По всему Замоскворечью и Белому городу москвичи воздвигали завалы из бревен, бочек, столов и стульев; где-то улицы и переулки перегораживались перевернутыми повозками и санями. Конница и пехота Гонсевского не имели возможности продвигаться вперед, натыкаясь на эти баррикады. Из-за изгородей, из окон и с крыш домов в гусаров и рейтаров летели камни и пули. В Кулишках, на Лубянке и на Мясницкой улице восставшие москвичи и примкнувшие к ним стрельцы установили пушки на баррикадах, ведя огонь прямой наводкой по наступающим полякам. Там, где полякам удавалось взять штурмом некоторые из завалов, это приводило к огромным потерям с их стороны. Развить успех воины Гонсевского никак не могли, поскольку все новые баррикады возникали у них на пути, в возведении которых участвовали все горожане от мала до велика. В конце концов Гонсевский был вынужден дать сигнал к отступлению. Польское войско укрылось за стенами Кремля и Китай-города. Когда немецкие и французские наемники вернулись после побоища в Кремль, то вид у них был страшен, ибо они с ног до головы были забрызганы кровью москвичей, истребленных на торгу.

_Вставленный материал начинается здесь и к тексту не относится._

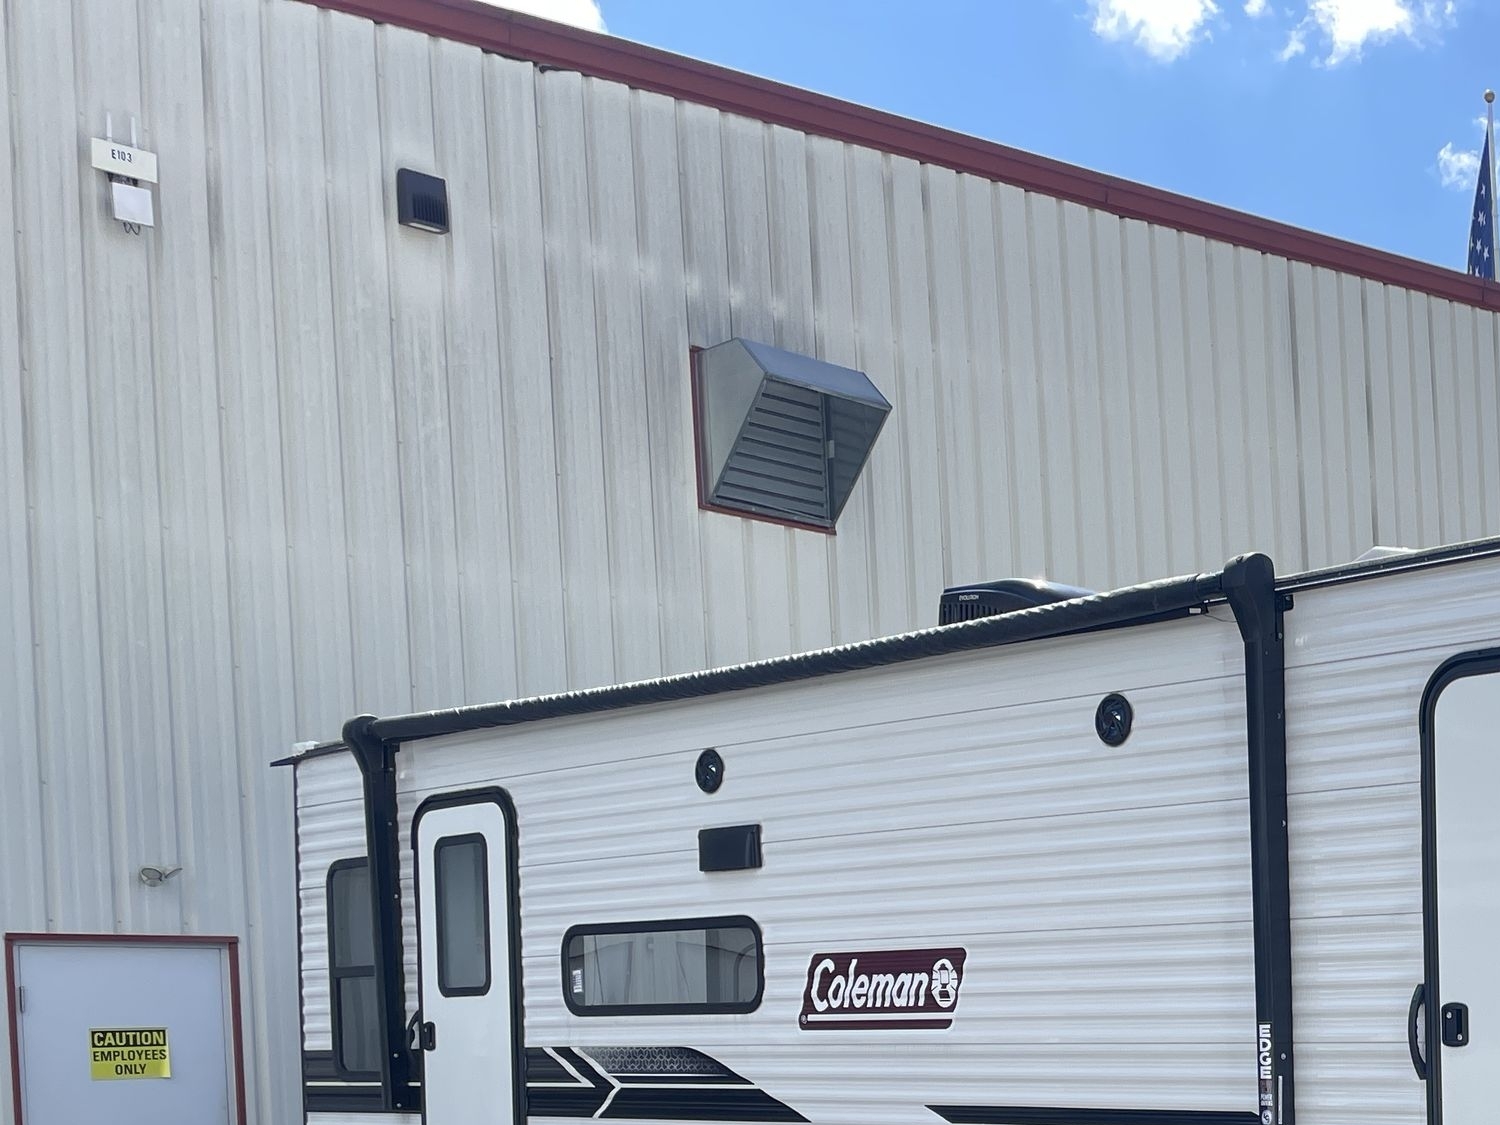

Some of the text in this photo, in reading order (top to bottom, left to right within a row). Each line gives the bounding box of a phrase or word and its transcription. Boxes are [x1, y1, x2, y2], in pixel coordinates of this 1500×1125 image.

[111, 148, 132, 163] E103
[810, 958, 930, 1012] Coleman
[93, 1031, 165, 1047] CAUTION
[93, 1049, 167, 1062] EMPLOYEES
[1258, 1023, 1273, 1080] EDGE
[115, 1063, 147, 1076] ONLY

Кровавая бойня в Китай-городе разделила московскую знать на два лагеря. Многие бояре и дворяне, потрясенные жестокостью поляков, поспешили примкнуть к восставшим москвичам. Те из бояр и дворян, которые по-прежнему желали видеть на русском троне сына Сигизмунда, стали деятельно помогать Гонсевскому, страшась восставшей черни.

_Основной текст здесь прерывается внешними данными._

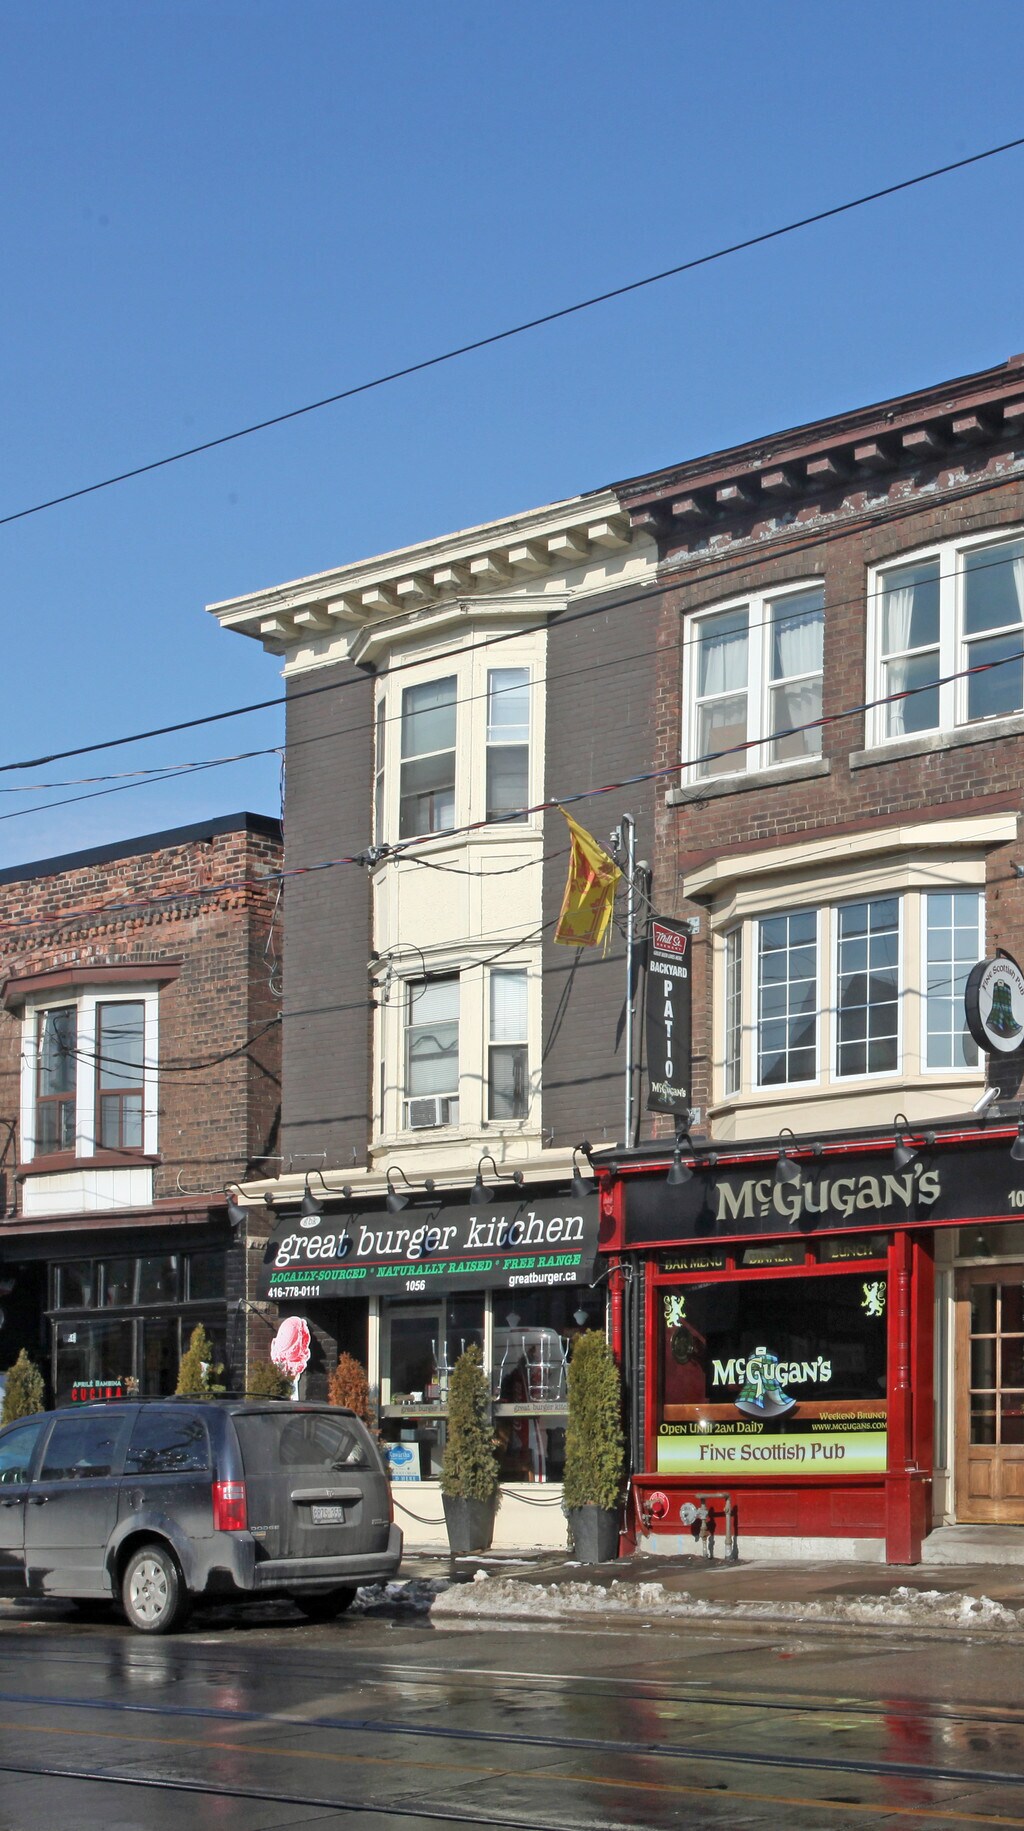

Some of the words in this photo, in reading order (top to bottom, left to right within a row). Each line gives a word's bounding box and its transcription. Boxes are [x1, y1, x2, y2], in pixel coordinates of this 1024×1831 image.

[656, 932, 672, 944] Mill
[650, 961, 687, 978] BACKYARD
[1015, 976, 1024, 996] Pub
[663, 979, 674, 1078] PATIO
[275, 1228, 349, 1267] great
[357, 1225, 457, 1259] burger
[463, 1212, 584, 1249] kitchen
[270, 1268, 366, 1283] LOCALLY-SOURCED
[376, 1263, 446, 1278] NATURALLY
[448, 1260, 492, 1274] RAISED
[502, 1256, 534, 1270] FREE
[537, 1253, 581, 1267] RANGE
[664, 1258, 688, 1270] BAR
[690, 1256, 722, 1268] MENU
[268, 1285, 320, 1298] 416-778-0111
[405, 1279, 426, 1292] 1056
[509, 1271, 577, 1287] greatburger.ca
[737, 1421, 764, 1433] Daily
[741, 1442, 805, 1462] Scottish
[811, 1442, 845, 1460] Pub

Глава шестая. Думный дворянин Сукин

День, когда случилось побоище в Китай-городе, принес большие неприятности и Матрене Обадьиной. После полудня в дворцовые палаты ворвалась польская стража. Поляки схватили испуганную Матрену и, не дав ей толком одеться, уволокли ее в мрачный застенок, расположенный в Константино-Еленинской башне Кремля. Эту башню москвичи еще называли Пыточной. Здесь обычно проводились дознания заключенных с применением истязаний. Умерших во время пыток узников палачи выволакивали через специальный боковой выход на берег Москвы-реки и оставляли без погребения. Заботы о похоронах ложились на плечи родственников, которые приходили и забирали изувеченные тела своих близких. Если за какими-то телами замученных никто не приходил, то их просто поедали бездомные собаки или прислуга палачей сбрасывала смердящие трупные останки в реку.

Кто бы ни сидел на троне в Московском государстве, работы у заплечных дел мастеров в узилище Пыточной башни всегда хватало. Даже в это Смутное время, когда сильной власти не было ни в столице, ни на Руси, кремлевская тюрьма была переполнена узниками. Сюда бросали в первую очередь тех, кто открыто или тайно готовил мятеж против Семибоярщины, кто калечил и убивал польских жолнеров, выходивших в город за покупками, кто закупал и прятал оружие, несмотря на запрет Гонсевского.

В застенок бросали не только мужчин, но и женщин, если они оказывались причастными к нападениям на поляков или доводились родственницами особо опасных заговорщиков.

Матрену заперли в узком каменном мешке с высоким потолком и единственным зарешеченным оконцем, где уже томились, сидя на сырой соломе, три молодые женщины, по одеянию которых было видно, что они из посадского сословия.

– А тебя за что ляхи сцапали, голубушка? – участливо обратилась к Матрене стройная женщина лет тридцати в длинном помятом платье, в наброшенном на плечи теплом шушуне с длинными откидными рукавами. Ее голова была повязана белым повоем, из-под которого ниспадала длинная темно-русая коса.

Матрена пожала плечами, ежась от холода. На ней из одежды был длинный сарафан из шелковой узорной ткани, под которым была тонкая исподняя сорочица. Ни платка, ни шубы Матрена захватить не успела.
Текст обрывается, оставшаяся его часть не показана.